In a statement, Shoko Sasaki, the official in charge of Japan’s immigration system, took responsibility for creating the environment that led to Ms. Rathnayake’s death and offered condolences and apologies to the family, saying that she was “extremely sorry that she was not able to return home to her family in good health.”
In separate remarks, Justice Minister Yoko Kamikawa said that the report suggested to her that “if the detention facility had objectively and constantly re-evaluated its practices perhaps it might have been able to take a more compassionate approach to the person who passed away.”
“Maybe the detention facility had lapsed in its awareness that it was dealing with individual people,” she added.
Four officials who oversaw Ms. Rathnayake’s detention were given verbal warnings, the only disciplinary actions resulting from the case.
Politicians and activists who have pushed for years to overhaul the system criticized the report for addressing only the superficial, bureaucratic issues that contributed to Ms. Rathnayake’s death.
Taiga Ishikawa, a member of a parliamentary group on immigration and refugee policy that is seeking legal changes, said that the country needed to conduct an independent inquiry into the situation at the immigration center.
Allowing the department to investigate itself “is like letting a thief investigate his own robbery,” he said, adding that “a person has died. It’s neglect.”
Shoichi Ibusuki, a lawyer representing Ms. Rathnayake’s family, said her case was proof of systemic failure. “There were many opportunities to save her life, but she still died,” he said.
In a news conference on Tuesday, Ms.
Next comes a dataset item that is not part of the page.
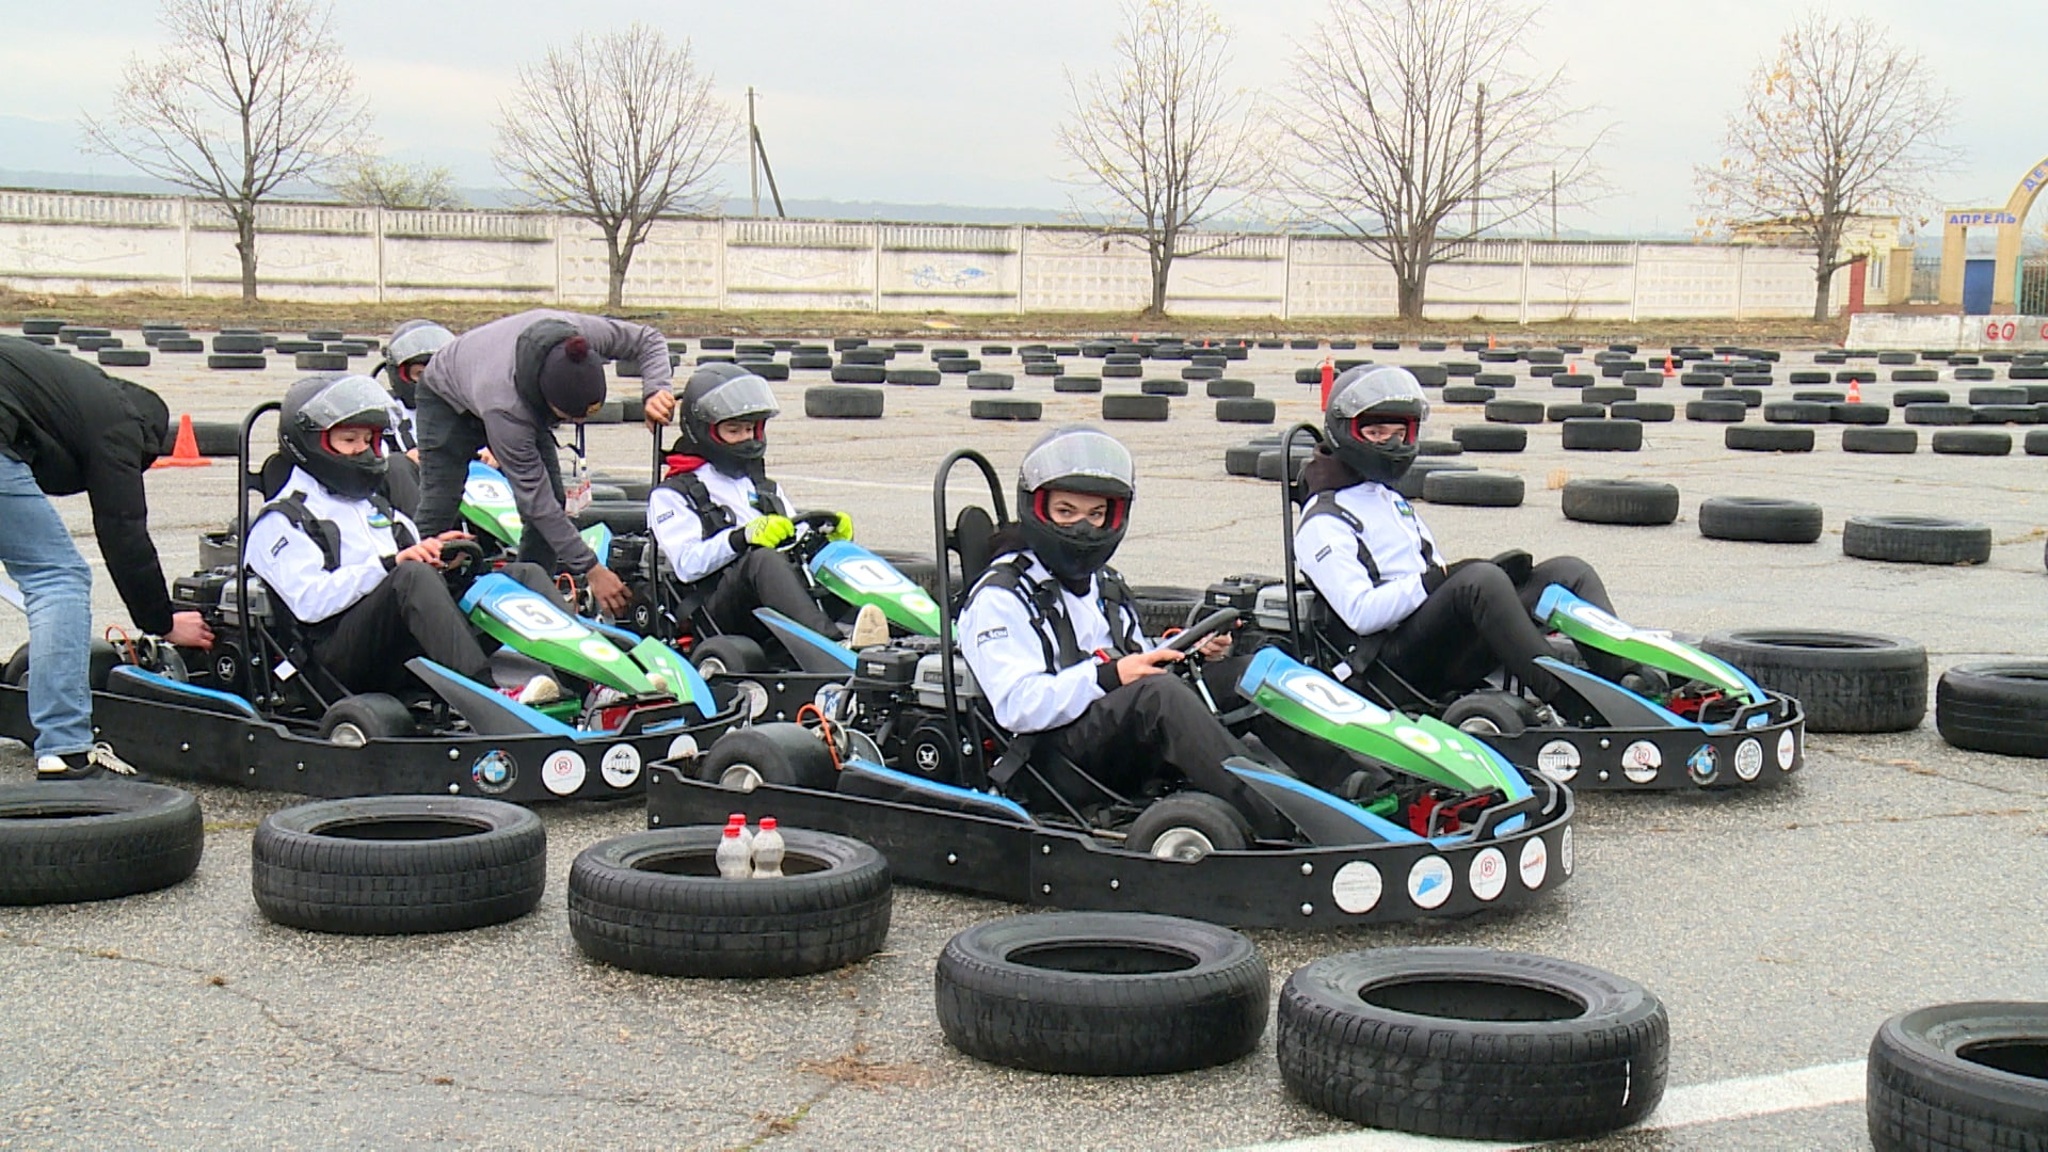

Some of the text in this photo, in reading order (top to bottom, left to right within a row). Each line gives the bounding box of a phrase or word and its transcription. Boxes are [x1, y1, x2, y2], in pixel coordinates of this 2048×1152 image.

Rathnayake’s sisters, who are currently in Japan, excoriated Japanese authorities for their role in their sister’s death, saying they would stay in the country until they had received a satisfactory explanation.
They may not have much recourse. The family said that officials spent months stonewalling their efforts to get access to surveillance footage documenting Ms. Rathnayake’s final days in detention.
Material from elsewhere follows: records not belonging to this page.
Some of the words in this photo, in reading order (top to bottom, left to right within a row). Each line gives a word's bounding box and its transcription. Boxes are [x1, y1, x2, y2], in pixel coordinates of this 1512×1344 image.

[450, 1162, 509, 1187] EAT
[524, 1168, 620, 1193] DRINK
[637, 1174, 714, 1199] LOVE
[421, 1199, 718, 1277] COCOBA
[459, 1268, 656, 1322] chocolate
On Thursday, the sisters will be able to view around two hours of excerpts from the videos. Officials will not screen the footage for the family’s lawyers, but did not give a reason for the limits.
Ms. Rathnayake’s case came to national attention after her death in March. The authorities had taken Ms. Rathnayake — who had come to Japan as a student but had overstayed her visa — into custody in August last year; she had appeared at a police station begging for protection from a boyfriend who she said had abused her.
Activists who had visited her during her stay in detention said that she had been unable to keep down most solid foods for months and that she had repeatedly begged officials at the center for medical treatment. In medical records from the time, a doctor recommended that she be transferred to a hospital for treatment. A medical test in mid-February indicated that she was starving, according to details in the new report.
Even after she had become so weak that she could barely move, many officials questioned whether she was feigning her illness in an attempt to be released from detention, the report said. In the face of evidence that she was in severe medical distress, they “suspected that she was exaggerating,” it concluded.
“There was a need to raise staff awareness so that they could appropriately react without overlooking a situation that sincerely required a medical response,” the report said. “In the Nagoya bureau, training to improve the staff’s education and awareness was not sufficiently implemented.”
To prevent similar problems from occurring in the future, the detention center should, among other measures, hire full-time medical staff, improve emergency training, reform information sharing practices, and “appropriately” handle cases touching on domestic violence, it said.
“It’s shocking that this has ended with just a light warning for Nagoya’s immigration bureau,” said Mr. Ibusuki, the lawyer for Ms. Rathnayake’s family.
“The problems are not going to be fixed just by providing more staff, by better educating the staff, or by improving the system of medical treatment,” he said.